• _Task to carry out_:
Please copy all of the data that follows exactly, leaving any pictures out.

Saved data entries
▼
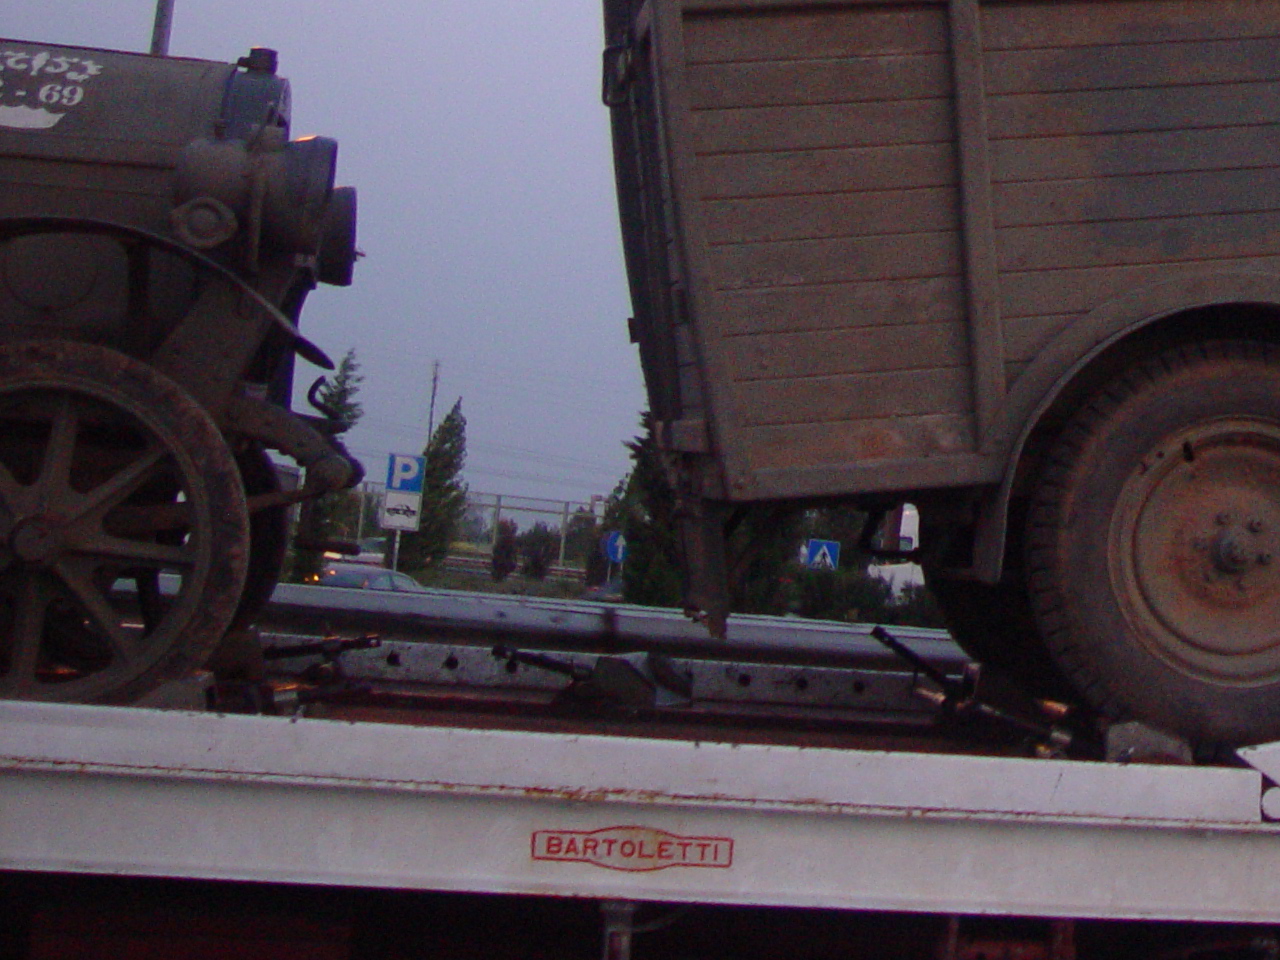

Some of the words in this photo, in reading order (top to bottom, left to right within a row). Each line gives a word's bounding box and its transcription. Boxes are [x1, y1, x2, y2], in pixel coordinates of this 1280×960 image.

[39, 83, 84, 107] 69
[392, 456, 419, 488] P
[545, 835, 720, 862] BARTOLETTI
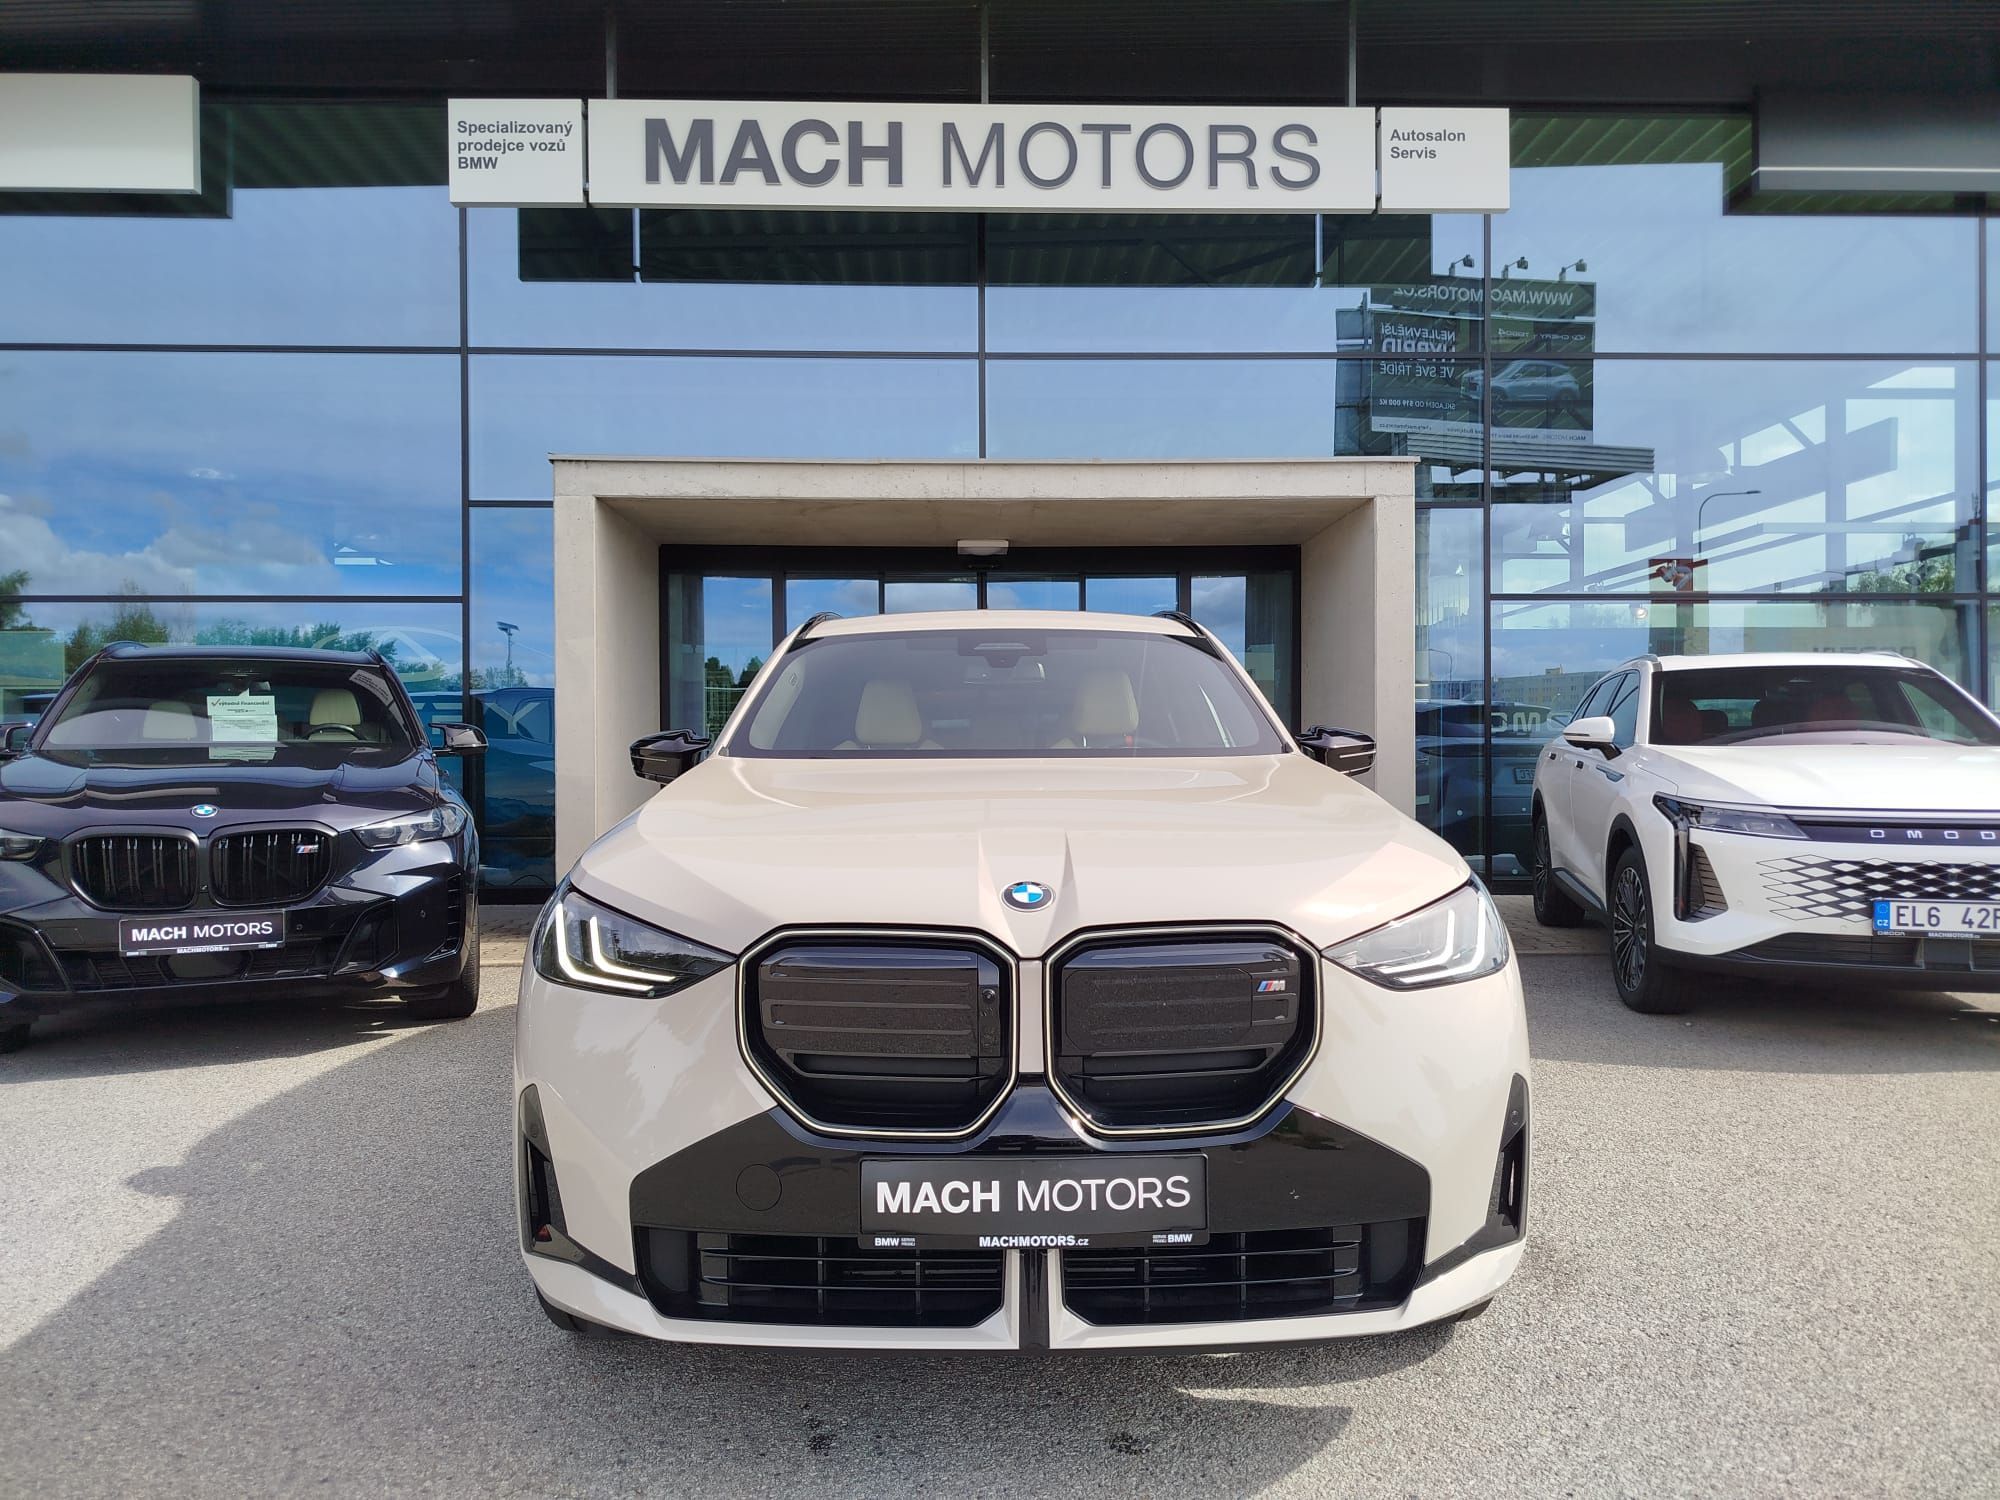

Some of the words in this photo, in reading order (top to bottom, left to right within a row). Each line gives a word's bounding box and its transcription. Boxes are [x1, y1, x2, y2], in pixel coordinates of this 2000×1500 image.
▲
• _Answer to the exercise_:
Some of the words in this photo, in reading order (top to bottom, left to right within a row). Each line gives a word's bounding box and its transcription. Boxes are [x1, y1, x2, y2], in pixel coordinates of this 1280×960 image.

[39, 83, 84, 107] 69
[392, 456, 419, 488] P
[545, 835, 720, 862] BARTOLETTI

Some of the words in this photo, in reading order (top to bottom, left to right within a row). Each line gives a word's bounding box and its transcription. Boxes are [x1, y1, x2, y2], in pixel coordinates of this 2000×1500 image.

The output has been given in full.